2021 West Bengal Legislative Assembly election: Gaighata
| Party |  | Candidate | Votes | % | ±% |
|---|---|---|---|---|---|
|  | BJP | Subrata Thakur | 100,808 | 47.27 |  |
|  | AITC | Narottam Biswas | 91,230 | 42.78 |  |
|  | CPI | Kapil Krishna Thakur | 14,838 | 6.96 |  |
|  | NOTA | None of the above | 1,409 | 0.66 |  |
| Majority |  |  | 9,578 | 4.49 |  |
| Turnout |  |  | 213,243 | 84.6 |  |
|  | BJP gain from AITC |  | Swing | {{{swing}}} |  |

=== 2016 ===

West Bengal assembly elections, 2016: Gaighata (SC) constituency
| Party |  | Candidate | Votes | % | ±% |
|---|---|---|---|---|---|
|  | AITC | Pulin Bihari Ray | 93812 | 48.62% |  |
|  | CPI | Kapil Krishna Thakur | 64240 | 33.29 |  |
|  | BJP | Sankar Thakur | 28796 | 14.92 |  |
|  | NOTA | NOTA | 1587 | 0.82% |  |
|  | Bahujan Samaj Party | Anil Bairagi | 1502 | 0.78% |  |
|  | independent | Nandita Mondal | 1388 | 0.72% |  |
| Turnout |  |  | 192949 | 86.02% |  |
|  | SUCI(C) | Nanibala Biswas ( Das) | 917 | 0.48 |  |
|  | AITC hold |  | Swing |  |  |

.# Swing calculated on Congress+Trinamool Congress vote percentages taken together in 2006.

=== 2011 ===
In the 2011 election, Majulkrishna Thakur of Trinamool Congress defeated his nearest rival Monoj Kanti Biswas of CPI.

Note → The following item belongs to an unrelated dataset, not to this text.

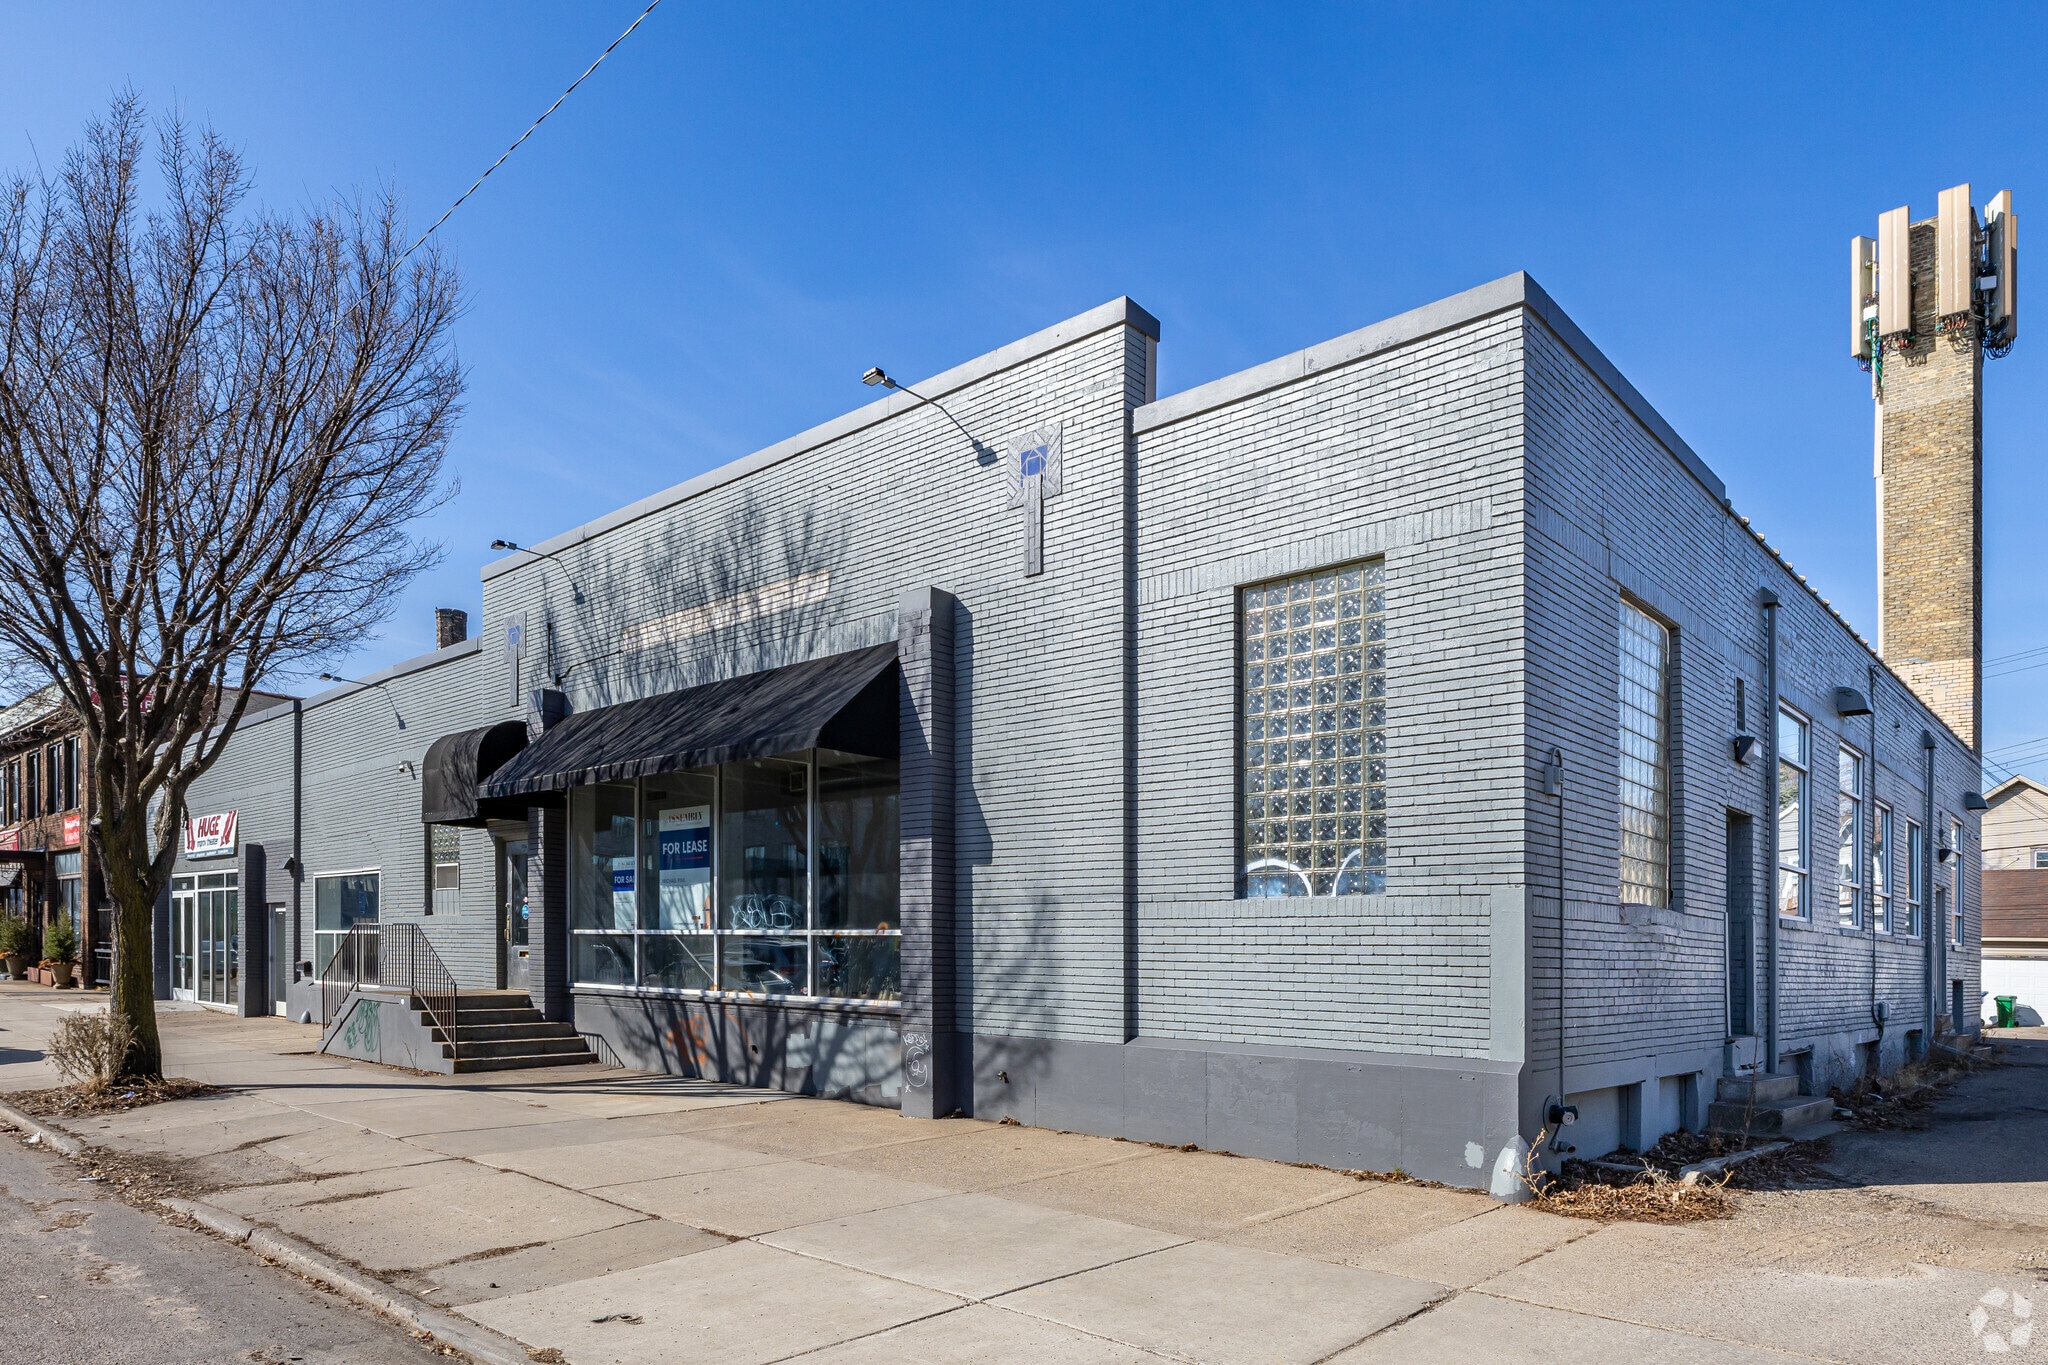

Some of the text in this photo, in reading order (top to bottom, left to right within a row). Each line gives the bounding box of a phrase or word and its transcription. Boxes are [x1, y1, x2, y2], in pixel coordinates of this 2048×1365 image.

[197, 815, 221, 838] HUGE
[662, 839, 708, 855] FOR LEASE
[614, 875, 635, 884] FOR SA

West Bengal assembly elections, 2011: Gaighata (SC) constituency
| Party |  | Candidate | Votes | % | ±% |
|---|---|---|---|---|---|
|  | AITC | Majulkrishna Thakur | 91,487 | 55.58 | +5.15# |
|  | CPI | Monoj Kanti Biswas | 66,040 | 40.12 | −5.67 |
|  | BJP | Sukharanjan Bepari | 3,440 | 2.09 |  |
|  | BSP | Mahendra Gain | 1,436 |  |  |
|  | Independent | Suman Laha | 1,249 |  |  |
|  | independent | Tikendrajit Bharati | 946 |  |  |
| Turnout |  |  | 164,598 | 88.66 |  |
|  | AITC hold |  | Swing | 10.82# |  |

.# Swing calculated on Congress+Trinamool Congress vote percentages taken together in 2006.

=== 2006 ===
In the 2006 and 2001 state assembly electionsJyotipriya Mallick of Trinamool Congress won the Gaighata assembly seat defeating Manmatha Roy of CPI(M) on both occasions. Contests in most years were multi cornered but only winners and runners are being mentioned. In 1996, Manmatha Roy of CPI(M) defeated Prabir Banerjee of Congress. In 1991, Prabir Banejee of Congress defeated Kanti Biswas of CPI(M). Kanti Biswas of CPI(M) defeated Radha Prasad Biswas of Congress in 1987, Mira Mitra of Congress in 1982, and Radha Prasad Biswas of Congress in 1977.

=== 1972 ===
Chandi Pada Mitra of Congress won in 1972 and 1971. Parul Saha of Bangla Congress won in 1969. C.Mitra of Bangla Congress won in 1967. Prior to that the Gaighata seat was not there.